A Clefs d’Anjou, Maurice n’était pourtant pas, à proprement parler, prisonnier. Il était juste contraint de travailler pour l’armée d’occupation. Bénéficiant donc par principe de permissions de sortie, il profita de la première qui lui fut octroyée pour « se faire la malle ». Ainsi, onze jours après être parti de chez lui, il rejoignait la ville d’Angers, distante d’une cinquantaine de kilomètres, avec la ferme intention de plus jamais revoir le camp de Beauregard.
Il comptait évidemment sur ses copains du « patronage paroissial de la Madeleine » et sur ses camarades de la Jeunesse Ouvrière Chrétienne (J.O.C) pour lui trouver une planque, car il savait qu’il avait pris des risques. Il était enfin conscient qu’étant un des responsables locaux de la J.O.C, sa fuite faisait sens pour les nazis et qu’elle ne passerait pas inaperçue. Aux yeux des troupes d’occupation, il changea effectivement de statut: de simple « réquisitionné » il devenait un réfractaire ou un déserteur et potentiellement un « terroriste ».
Il fut donc activement recherché par la police allemande. Plus intensément sans doute qu’il ne le pressentait lui-même!
Et, finalement, elle lui remit la main dessus, à la mi juillet 1944 alors qu’il était de passage chez ses parents au 65 rue de la Madeleine à Angers. Les hommes de main qui vinrent l’arrêter étaient deux jeunes français, auxiliaires de la Gestapo angevine, dont un certain Jacques Vasseur (1920-2009), qui échappa à l’épuration en 1945 mais qui retrouvé près de vingt ans plus tard, fut condamné à mort en 1965 et gracié par le général de Gaulle…

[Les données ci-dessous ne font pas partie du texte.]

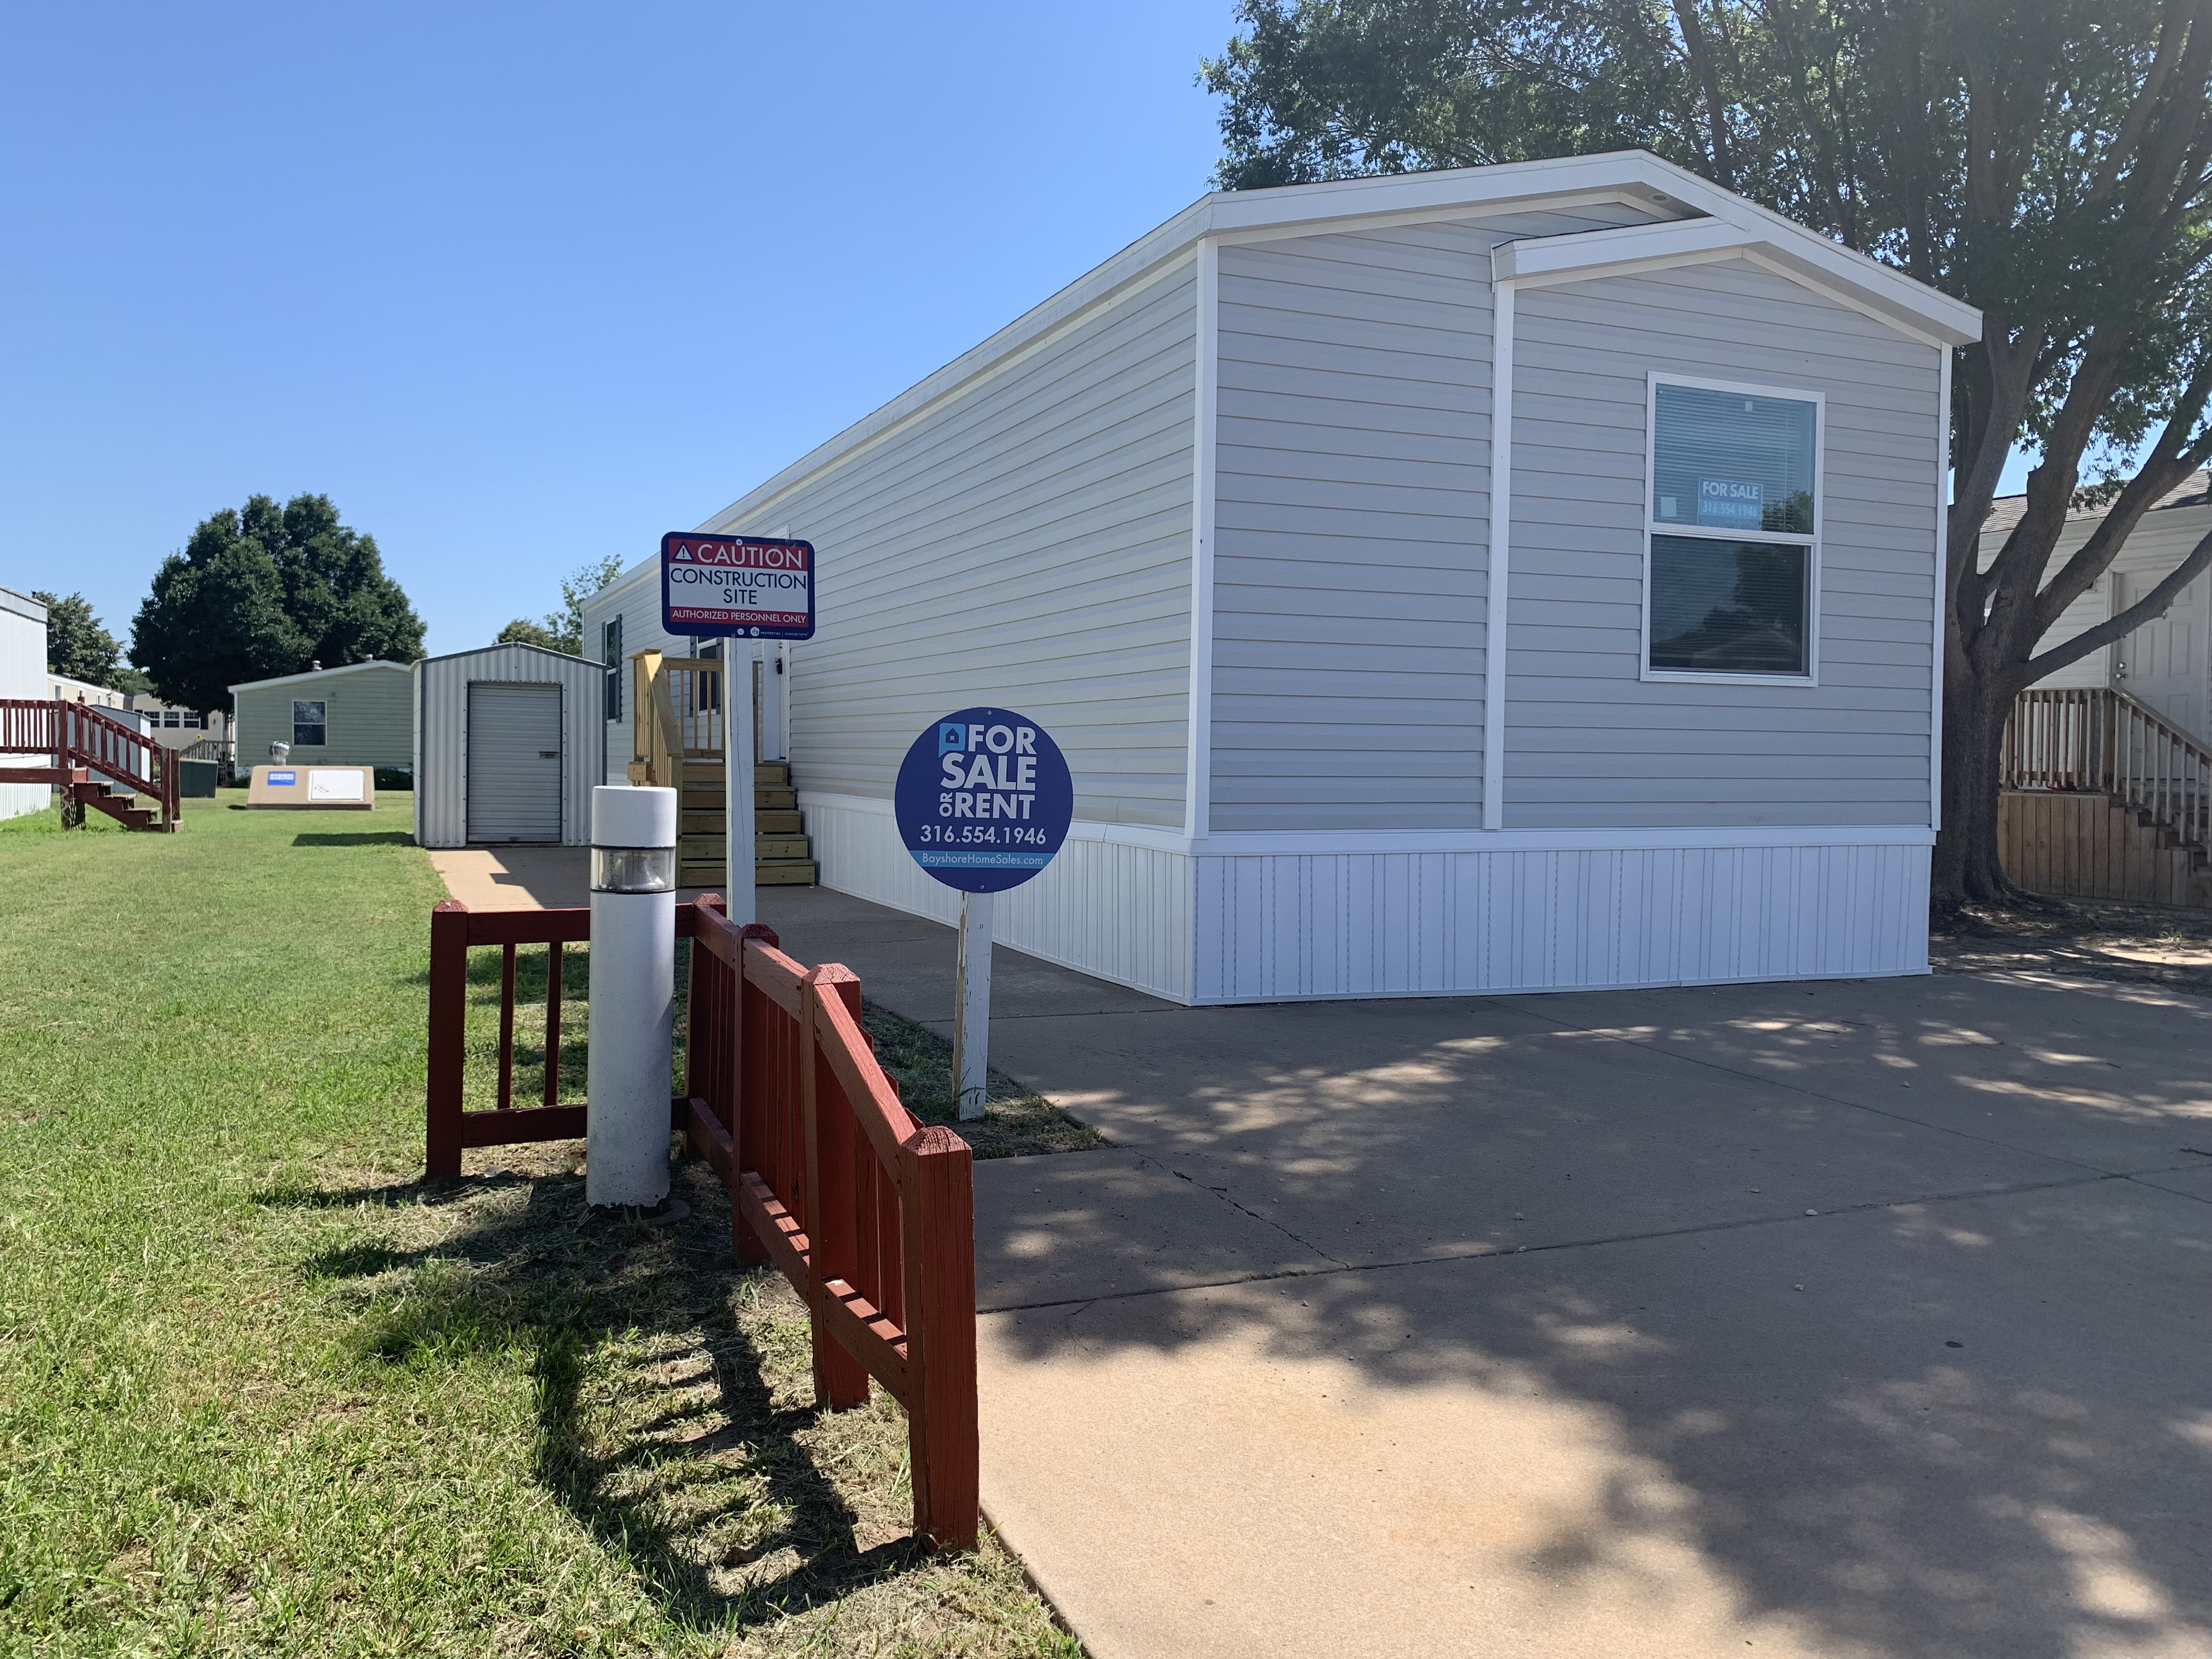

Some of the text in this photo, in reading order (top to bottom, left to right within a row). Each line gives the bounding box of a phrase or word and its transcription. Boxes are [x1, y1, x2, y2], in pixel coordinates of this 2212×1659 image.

Pour l’heure, les deux traîtres étaient parvenus à tromper la vigilance de Marguerite Cailletreau, la mère de Maurice, en se faisant passer pour des militants de la J.O.C…
Tabassé dans les locaux de la Kommandantur, il fut ensuite « transféré » en car, vers « l’entreprise forestière des Hucherolles à Chinon. Un car qui, d’ailleurs tomba en panne en cours de route et que les requis désormais détenus durent pousser pour qu’il redémarre sur la levée de la Loire!

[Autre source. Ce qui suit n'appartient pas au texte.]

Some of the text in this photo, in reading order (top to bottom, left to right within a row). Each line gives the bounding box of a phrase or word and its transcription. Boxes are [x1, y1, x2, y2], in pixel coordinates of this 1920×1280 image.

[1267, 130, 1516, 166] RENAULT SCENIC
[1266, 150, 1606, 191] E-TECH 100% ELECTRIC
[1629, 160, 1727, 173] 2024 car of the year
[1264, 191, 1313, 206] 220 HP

Le régime disciplinaire de ce camp directement administré par l’armée d’occupation était censé être très sévère, proche d’un régime pénitentiaire dur. Mais, eu égard à la tournure que prenait la guerre et à l’avancée des troupes anglo-américaines, les gardiens du camp, qui n’étaient pas des S.S, assurèrent prudemment leurs arrières en ne se comportant pas en tortionnaires sadiques.
Réservistes de l’armée allemande, ils n’appartenaient pas aux troupes d’élite fanatisées qui se battaient sur le front normand et n’étaient en réalité que des soldats aspirant à retourner chez eux au plus tôt sans trop d’ennuis.
La défaite du Reich devenait en effet de plus en plus probable. Surtout depuis le désastre de l’armée allemande à Stalingrad en février 1943 et désormais avec la réussite du débarquement allié. Le Haut Commandement allemand avait beau multiplier les communiqués de victoire, d’ailleurs complaisamment relayés (en français) par la presse collaborationniste locale comme le Petit Courrier, les vieux soldats allemands du camp des Hucherolles, qui, pour beaucoup, avaient combattu en 14-18, n’étaient guère dupes sur les chances de succès de « leur » Reich et étaient donc peu enclins à manifester un zèle d’ardent geôlier, qui risquait de leur être reproché plus tard.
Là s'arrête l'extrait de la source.